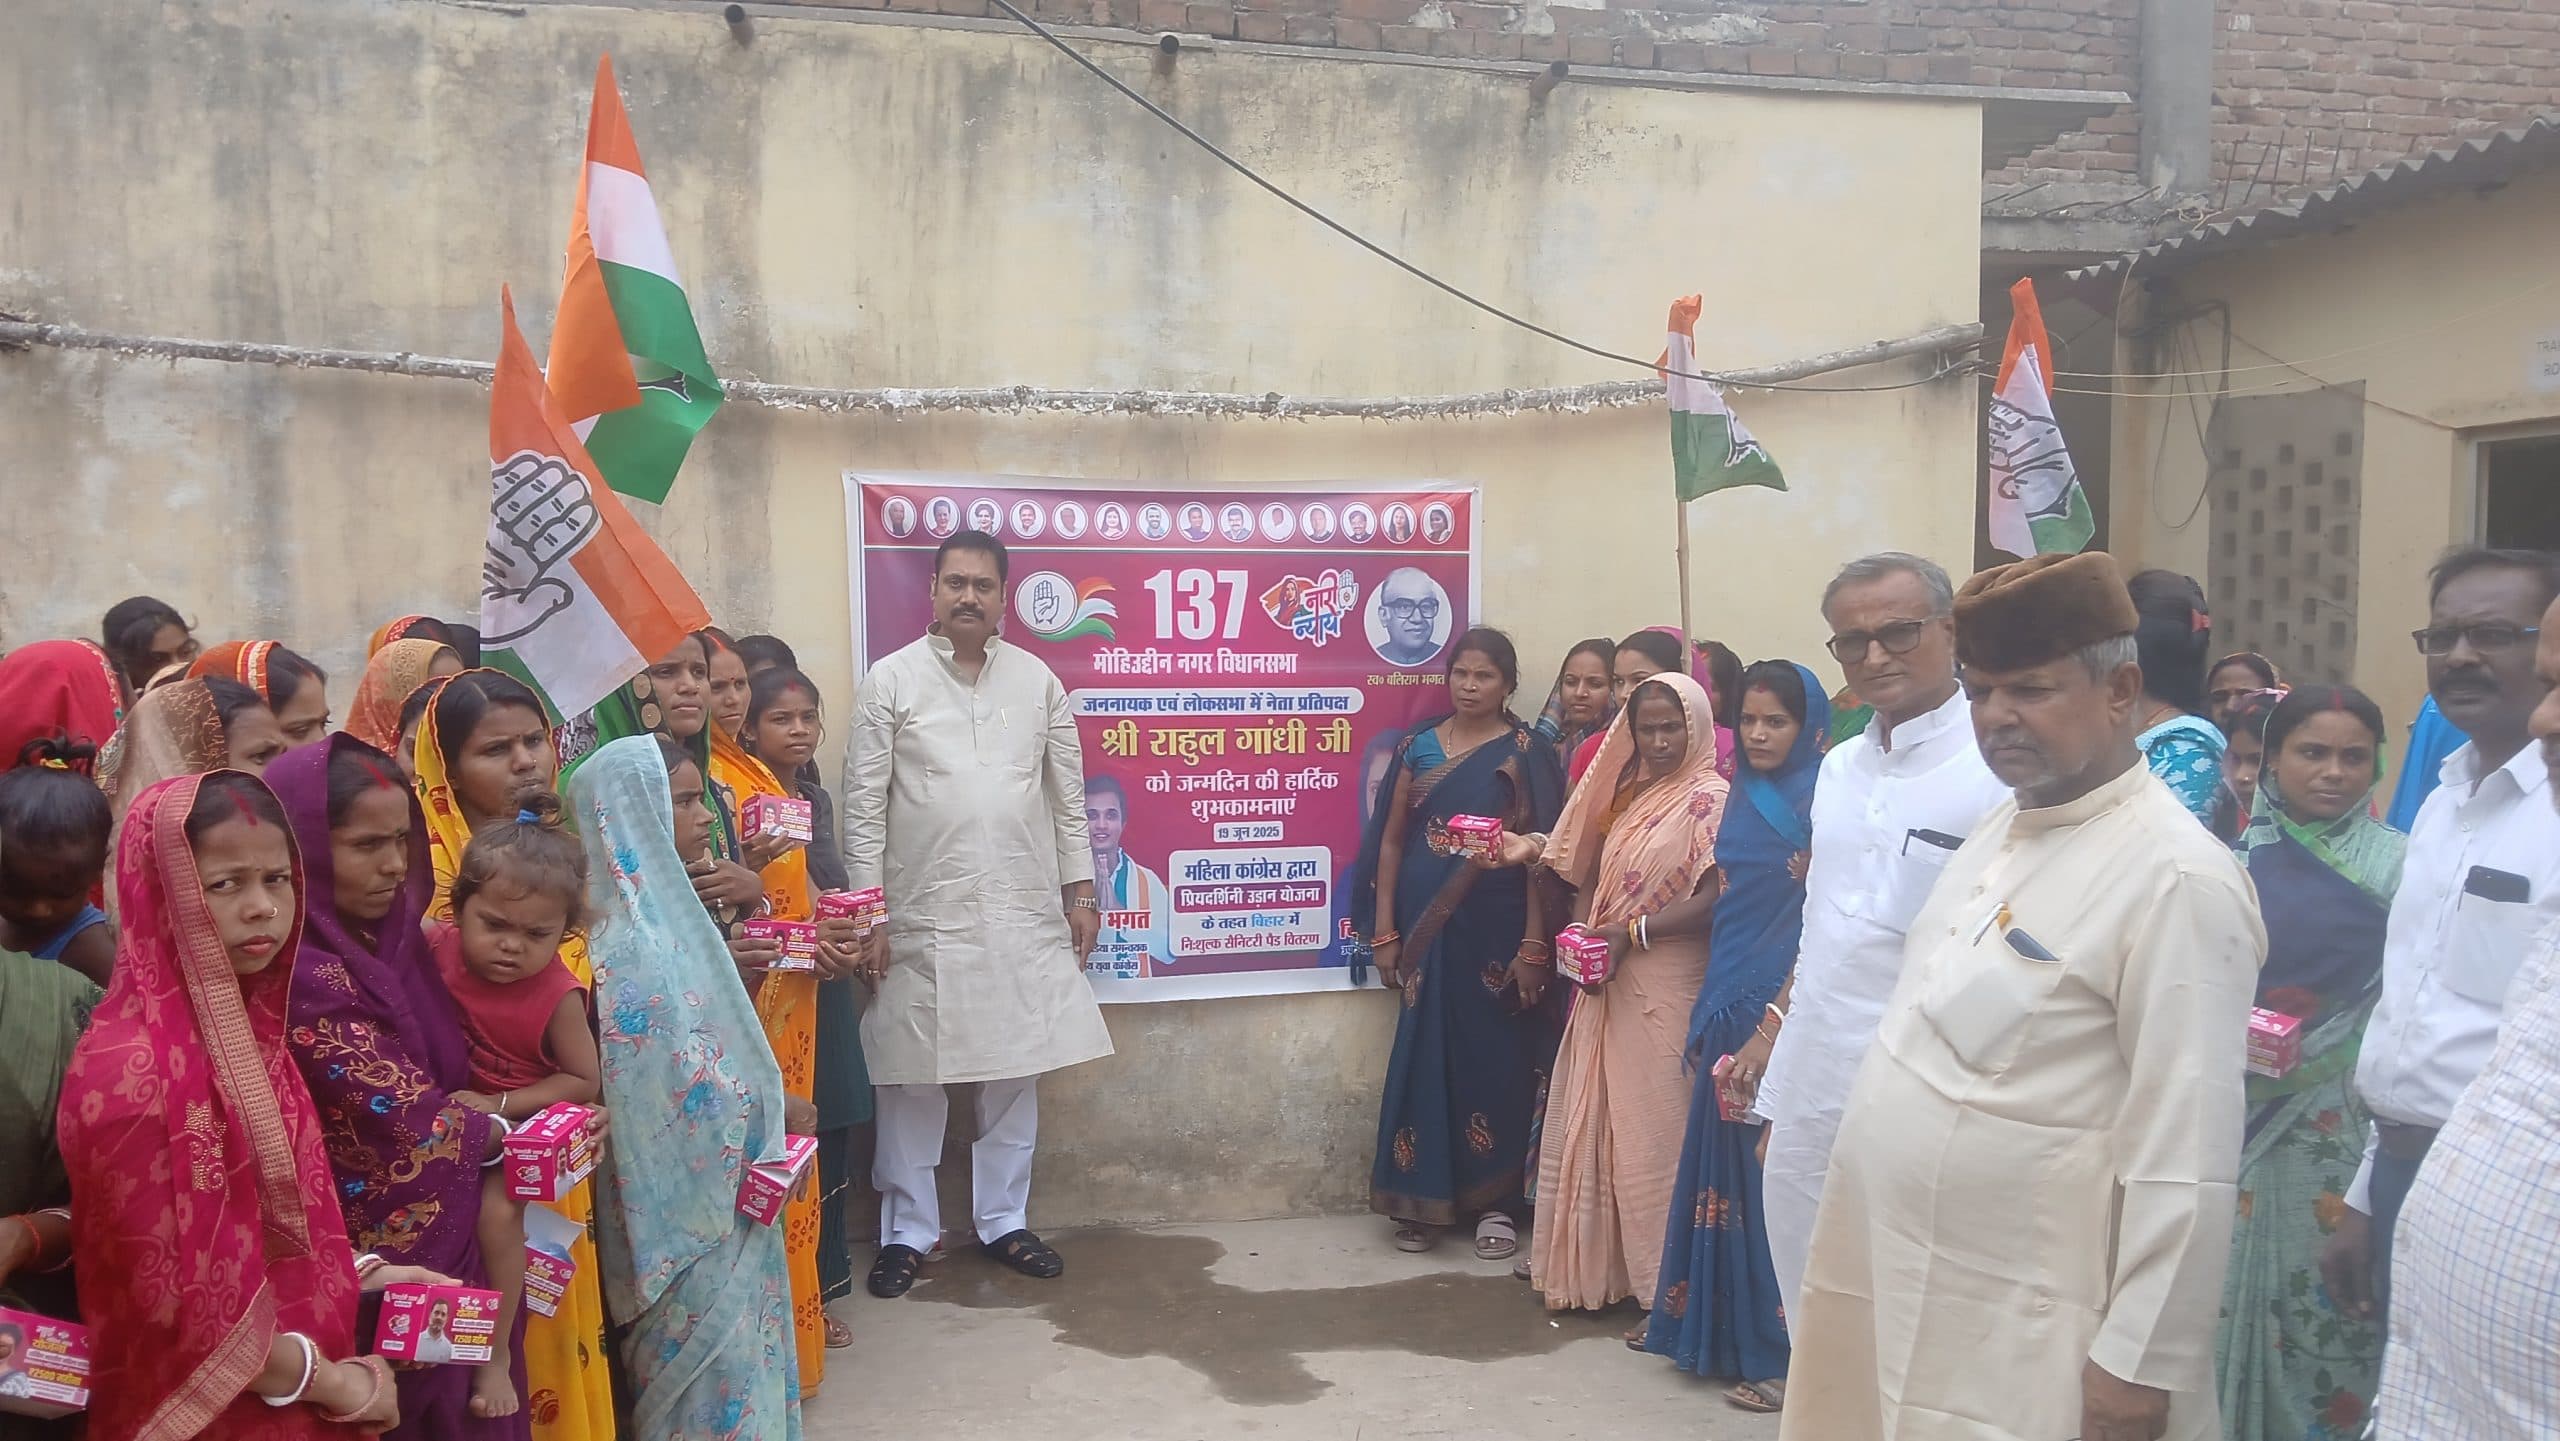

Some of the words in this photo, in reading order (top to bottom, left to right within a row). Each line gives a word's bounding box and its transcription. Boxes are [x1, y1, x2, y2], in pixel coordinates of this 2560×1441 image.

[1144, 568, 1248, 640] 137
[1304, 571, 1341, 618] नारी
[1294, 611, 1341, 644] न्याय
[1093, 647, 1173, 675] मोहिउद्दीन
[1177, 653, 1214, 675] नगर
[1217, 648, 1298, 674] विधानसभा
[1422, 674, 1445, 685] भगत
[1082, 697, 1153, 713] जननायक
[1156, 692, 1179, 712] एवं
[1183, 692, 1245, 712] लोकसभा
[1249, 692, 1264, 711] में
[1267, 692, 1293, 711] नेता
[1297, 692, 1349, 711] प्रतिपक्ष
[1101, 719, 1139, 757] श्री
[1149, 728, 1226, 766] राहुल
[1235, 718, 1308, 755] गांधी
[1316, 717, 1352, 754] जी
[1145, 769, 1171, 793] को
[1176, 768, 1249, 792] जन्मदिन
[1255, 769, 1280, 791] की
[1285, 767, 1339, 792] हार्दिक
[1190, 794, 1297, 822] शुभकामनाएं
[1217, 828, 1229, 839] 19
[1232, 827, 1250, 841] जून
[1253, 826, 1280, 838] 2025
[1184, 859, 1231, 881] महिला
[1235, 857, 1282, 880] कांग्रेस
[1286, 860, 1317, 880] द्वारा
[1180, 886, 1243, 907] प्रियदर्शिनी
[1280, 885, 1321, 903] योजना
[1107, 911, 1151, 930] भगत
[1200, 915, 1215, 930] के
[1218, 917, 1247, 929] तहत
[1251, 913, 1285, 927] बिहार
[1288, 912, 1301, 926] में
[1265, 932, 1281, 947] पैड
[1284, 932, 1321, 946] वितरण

:::::

▸ TASK DESCRIPTION
Pictures stay out of the copy; please restate every record above exactly.

▸ OUTPUT FOR THIS TASK
Some of the words in this photo, in reading order (top to bottom, left to right within a row). Each line gives a word's bounding box and its transcription. Boxes are [x1, y1, x2, y2], in pixel coordinates of this 2560×1441 image.

[1144, 568, 1248, 640] 137
[1304, 571, 1341, 618] नारी
[1294, 611, 1341, 644] न्याय
[1093, 647, 1173, 675] मोहिउद्दीन
[1177, 653, 1214, 675] नगर
[1217, 648, 1298, 674] विधानसभा
[1422, 674, 1445, 685] भगत
[1082, 697, 1153, 713] जननायक
[1156, 692, 1179, 712] एवं
[1183, 692, 1245, 712] लोकसभा
[1249, 692, 1264, 711] में
[1267, 692, 1293, 711] नेता
[1297, 692, 1349, 711] प्रतिपक्ष
[1101, 719, 1139, 757] श्री
[1149, 728, 1226, 766] राहुल
[1235, 718, 1308, 755] गांधी
[1316, 717, 1352, 754] जी
[1145, 769, 1171, 793] को
[1176, 768, 1249, 792] जन्मदिन
[1255, 769, 1280, 791] की
[1285, 767, 1339, 792] हार्दिक
[1190, 794, 1297, 822] शुभकामनाएं
[1217, 828, 1229, 839] 19
[1232, 827, 1250, 841] जून
[1253, 826, 1280, 838] 2025
[1184, 859, 1231, 881] महिला
[1235, 857, 1282, 880] कांग्रेस
[1286, 860, 1317, 880] द्वारा
[1180, 886, 1243, 907] प्रियदर्शिनी
[1280, 885, 1321, 903] योजना
[1107, 911, 1151, 930] भगत
[1200, 915, 1215, 930] के
[1218, 917, 1247, 929] तहत
[1251, 913, 1285, 927] बिहार
[1288, 912, 1301, 926] में
[1265, 932, 1281, 947] पैड
[1284, 932, 1321, 946] वितरण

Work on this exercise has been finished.